→ **Task prompt**
Pictures aside, repeat the listing below exactly.
____________
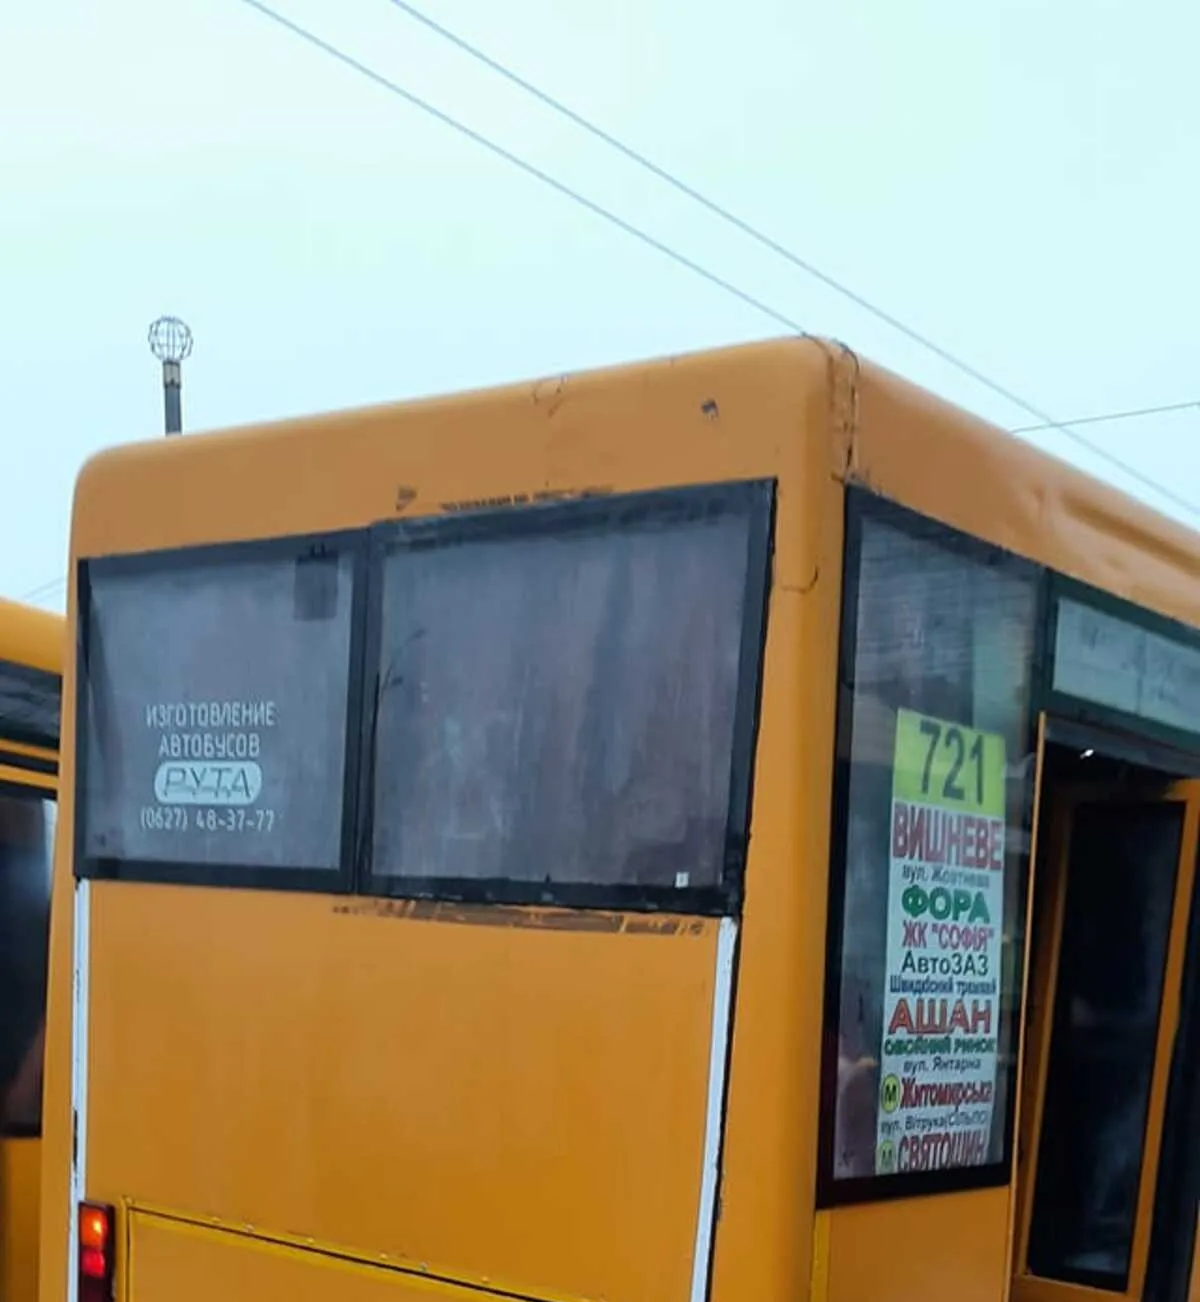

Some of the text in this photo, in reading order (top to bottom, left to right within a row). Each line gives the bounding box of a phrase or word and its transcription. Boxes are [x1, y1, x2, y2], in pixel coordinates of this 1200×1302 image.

[146, 701, 275, 727] ИЗГОТОВЛЕНИЕ
[159, 733, 260, 757] АВТОБУСОВ
[920, 718, 984, 805] 721
[164, 767, 251, 798] РУТА
[141, 807, 275, 832] (0627) 48-37-77
[893, 802, 1002, 871] ВИШНЕВЕ
[902, 884, 990, 924] ФОРА
[902, 920, 928, 949] ЖК
[902, 950, 989, 976] АвтоЗАЗ
[888, 998, 992, 1034] АШАН
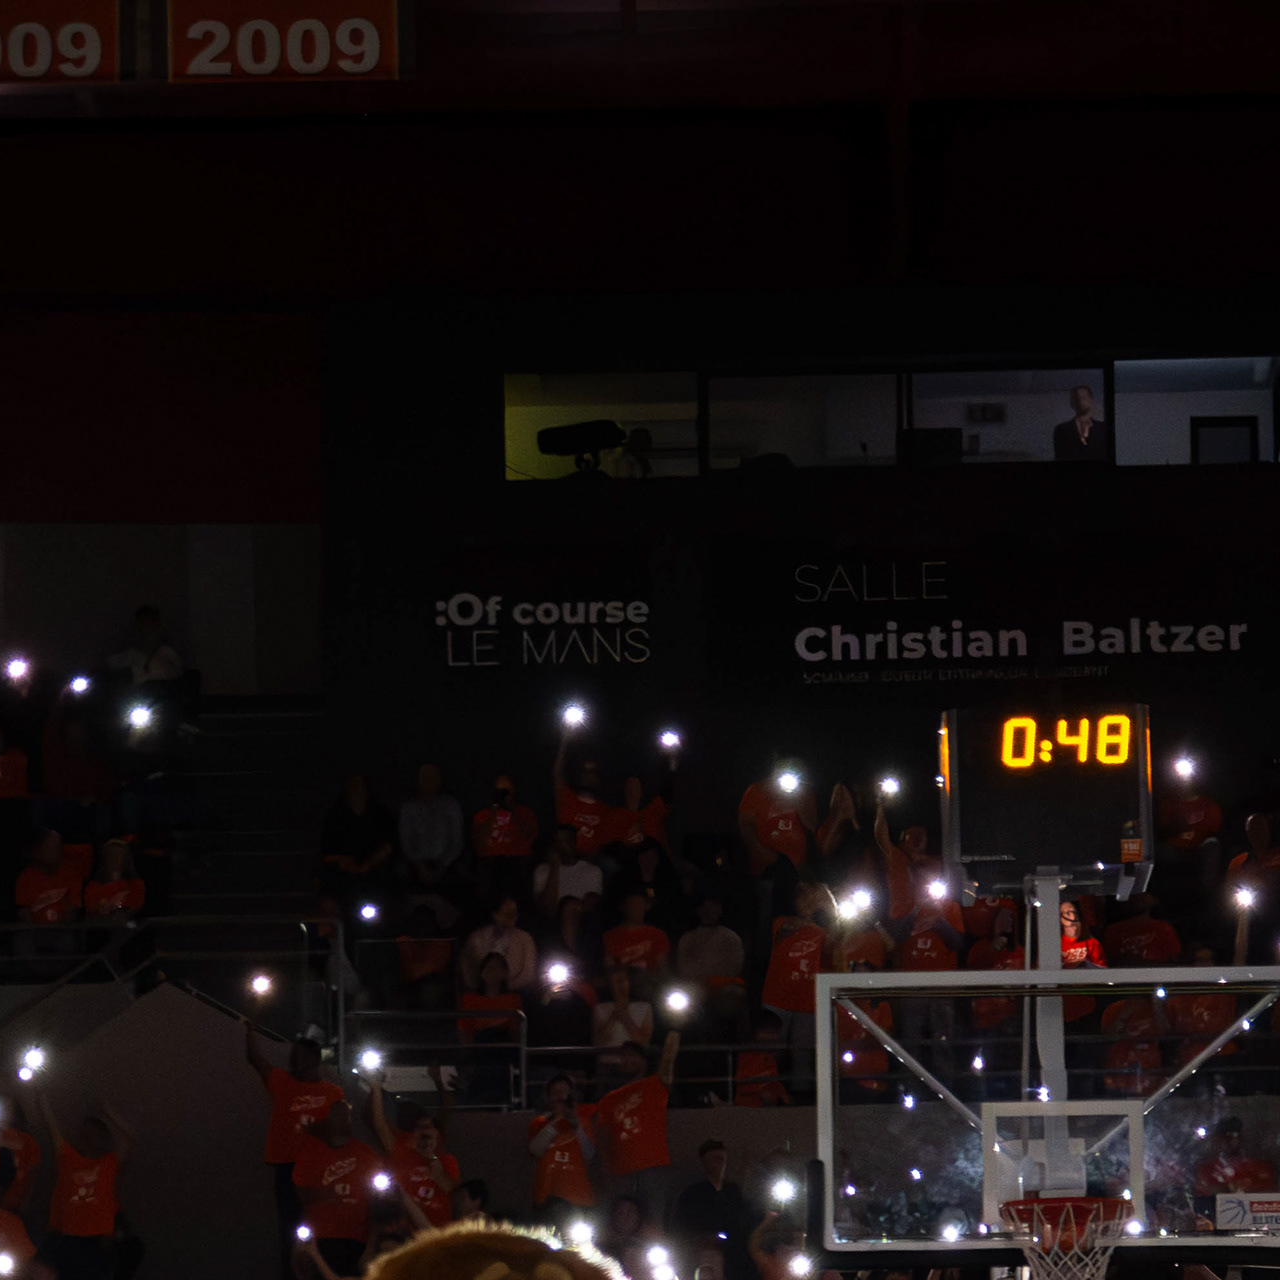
____________
→ **Reply to the exercise**
Some of the text in this photo, in reading order (top to bottom, left to right within a row). Each line gives the bounding box of a phrase or word and its transcription. Boxes are [x1, y1, x2, y2], in pixel coordinates of this 1200×1302 image.

[146, 701, 275, 727] ИЗГОТОВЛЕНИЕ
[159, 733, 260, 757] АВТОБУСОВ
[920, 718, 984, 805] 721
[164, 767, 251, 798] РУТА
[141, 807, 275, 832] (0627) 48-37-77
[893, 802, 1002, 871] ВИШНЕВЕ
[902, 884, 990, 924] ФОРА
[902, 920, 928, 949] ЖК
[902, 950, 989, 976] АвтоЗАЗ
[888, 998, 992, 1034] АШАН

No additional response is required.